When a tenant violates the terms of their lease, it’s hardly surprising that their landlord will start eviction proceedings. But what happens if the property is sold in the midst of those proceedings?

One tenant argued that the sale restarted the clock on the eviction, and an Orange County court agreed. But when the case reached the Court of Appeal, the higher court took the opposite view (Lee v. Kotyluk).

Sean Kotyluk had rented a retail store from Rosemarie Haynes, signing a lease stating that he could only sell crystals, candles, incense, oils and similar items.

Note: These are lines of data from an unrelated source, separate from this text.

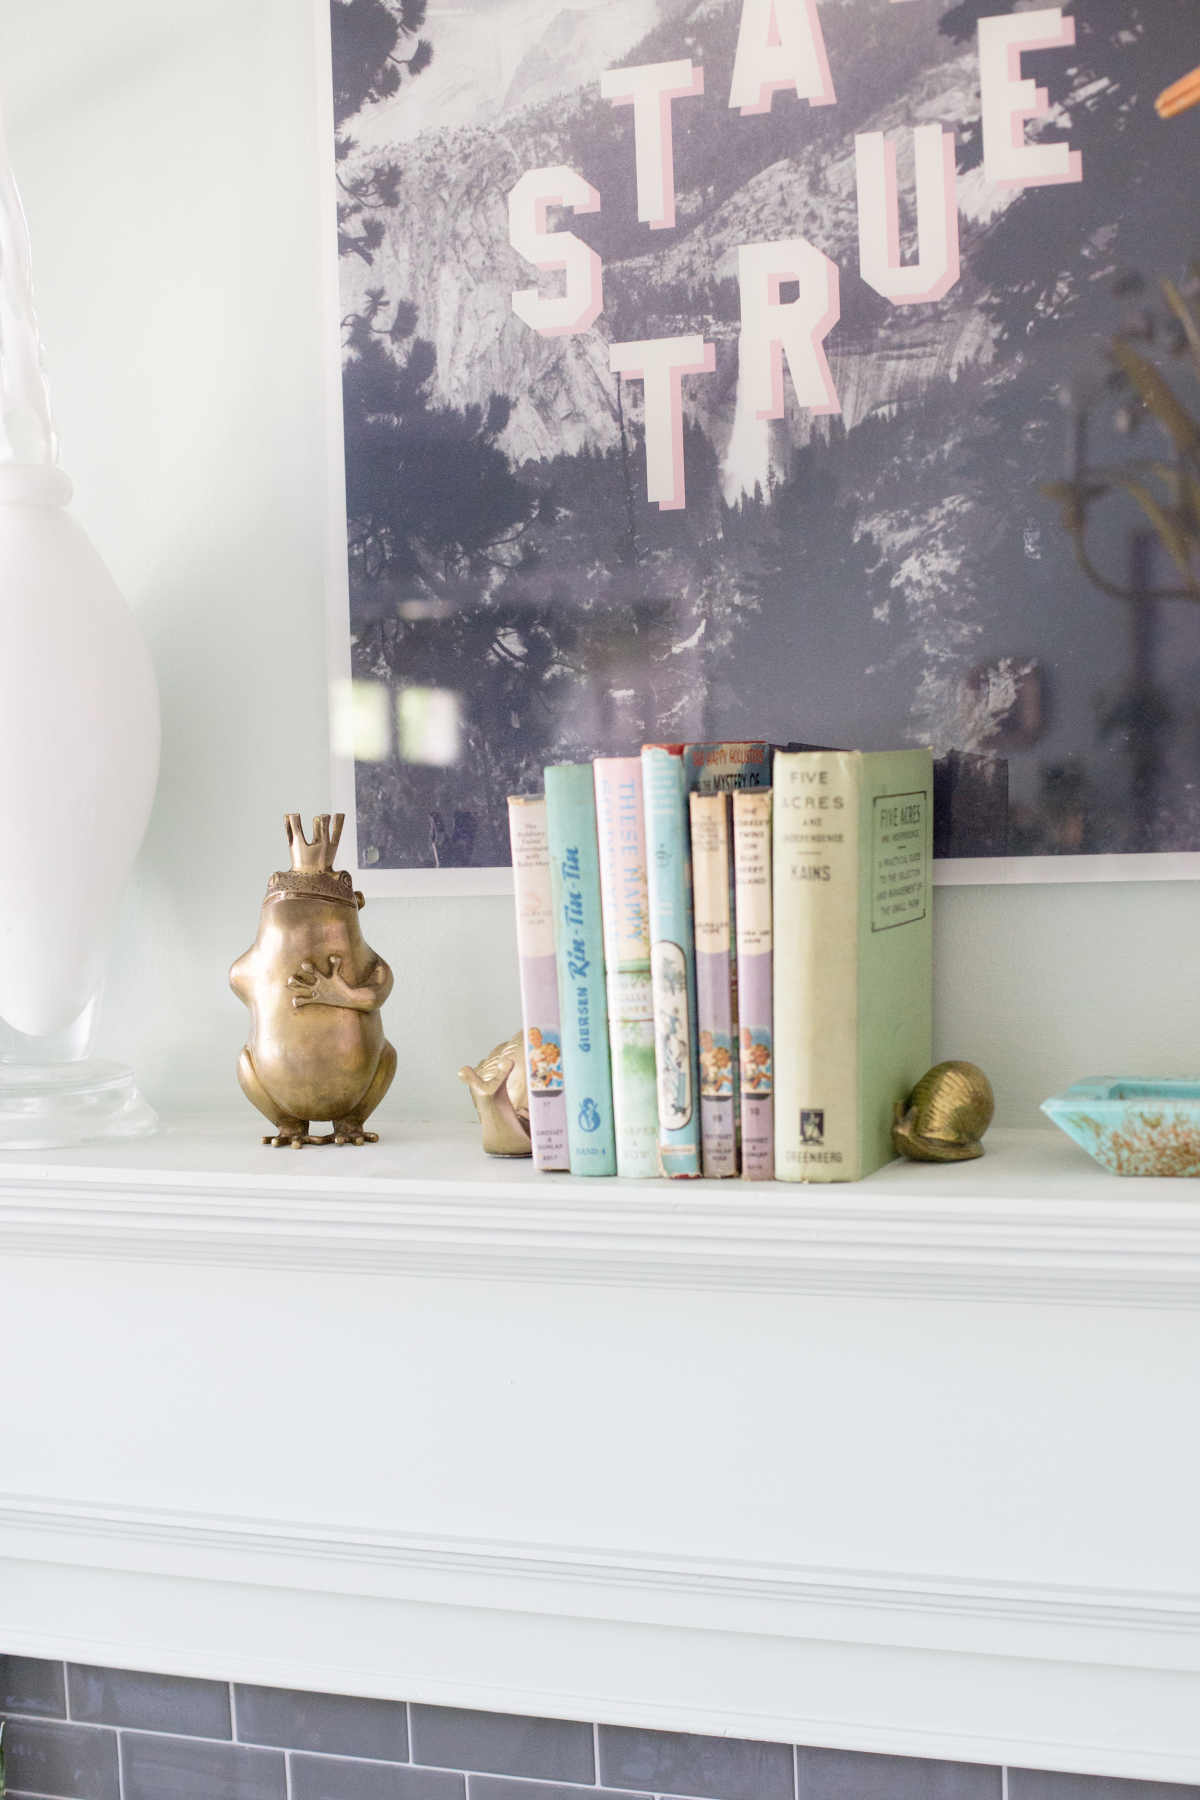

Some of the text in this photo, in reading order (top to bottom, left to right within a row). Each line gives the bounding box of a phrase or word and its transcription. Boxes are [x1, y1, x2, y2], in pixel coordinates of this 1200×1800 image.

[713, 773, 748, 791] MYSTERY
[790, 771, 829, 784] FIVE
[782, 796, 844, 810] ACRES
[880, 803, 921, 828] FIVE ACRES
[619, 780, 644, 943] THESE HAPPY
[791, 865, 831, 881] KAINS
[562, 846, 590, 980] Rin-Tin-Tin
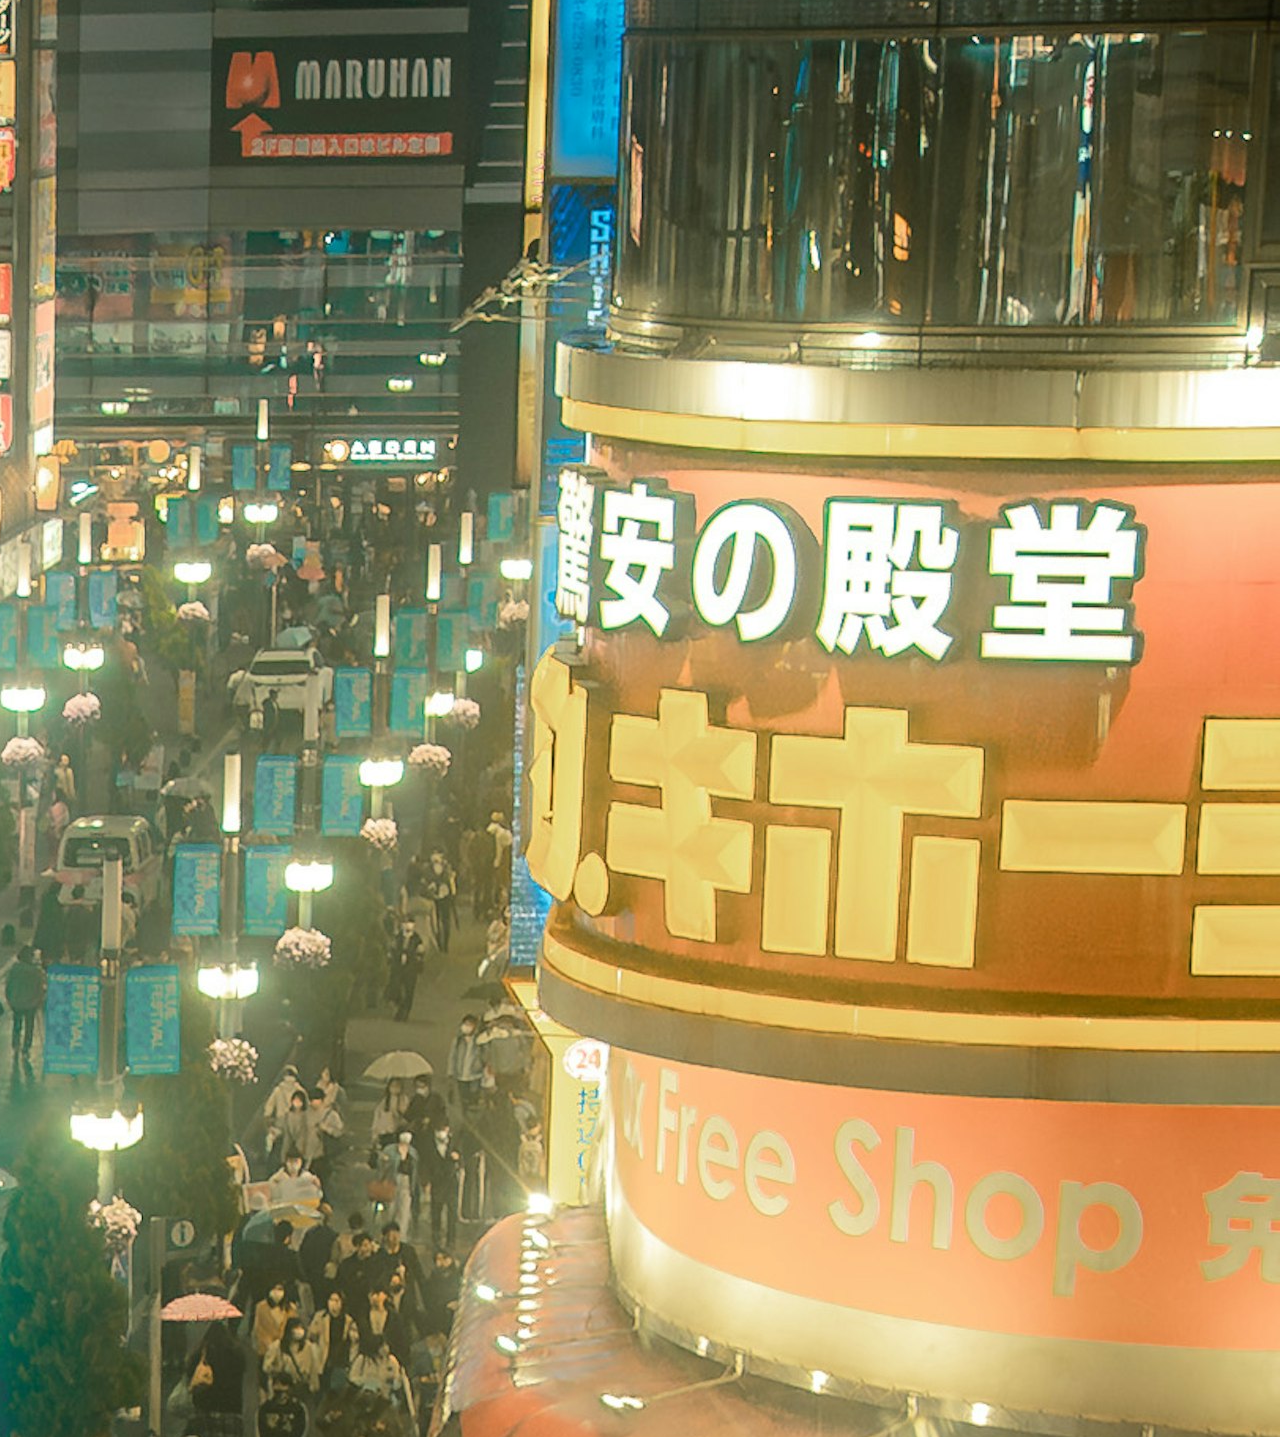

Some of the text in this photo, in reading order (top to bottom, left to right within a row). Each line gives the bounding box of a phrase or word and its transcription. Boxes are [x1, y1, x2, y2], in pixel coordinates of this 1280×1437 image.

At some point he discovered that his customers were more interested in cannabis than crystals and started selling it, despite lacking the required license to sell marijuana, according to court documents.

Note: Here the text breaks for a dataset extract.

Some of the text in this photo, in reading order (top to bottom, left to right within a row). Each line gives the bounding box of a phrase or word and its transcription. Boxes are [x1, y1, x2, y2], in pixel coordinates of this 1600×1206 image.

On June 4, 2019, an attorney for Haynes sent Kotyluk an unlawful detainer notice, the first step in an eviction process. It told him he had three days to either stop the unlicensed marijuana sales or move out of the property.

Haynes didn’t immediately proceed with the eviction when the deadline had passed, possibly because she was in the process of selling the property to Johnny Ki Lee and Un Joong Lee.

The Lees took ownership on June 20, 2019, and eight days later they filed an unlawful detainer motion in the Orange County Superior Court, seeking to evict Kotyluk.

His lawyers objected, arguing that the Lees didn’t own the property when the three-day notice was sent to Kotyluk, nor when the three days were up, so they could not use it as a basis for the eviction.

They also said that the eviction notice was defective because it didn’t make clear whether Kotyluk should turn over the property to the landlord who had rented the store to him, or to the new owners.

The trial court agreed, ruling the three-day notice to vacate could not be enforced because “at the time that the notice was issued, there was no landlord-tenant relationship” between Kotyluk and the Lees.

The judge also said that the eviction notice was not valid because it didn’t identify the person to whom the tenant could return the property. Kotyluk was awarded more than $27,000. Despite his courtroom win, he vacated the store.

The Lees appealed.

In what might be a reference to the merchandise that triggered the eviction process, the appellate justices noted that the case required them “to get into the weeds of the unlawful detainer statute.”

Kotyluk’s attorney argued that the appeal was moot – that it should not even be heard, because possession of the property had already been restored to its owners.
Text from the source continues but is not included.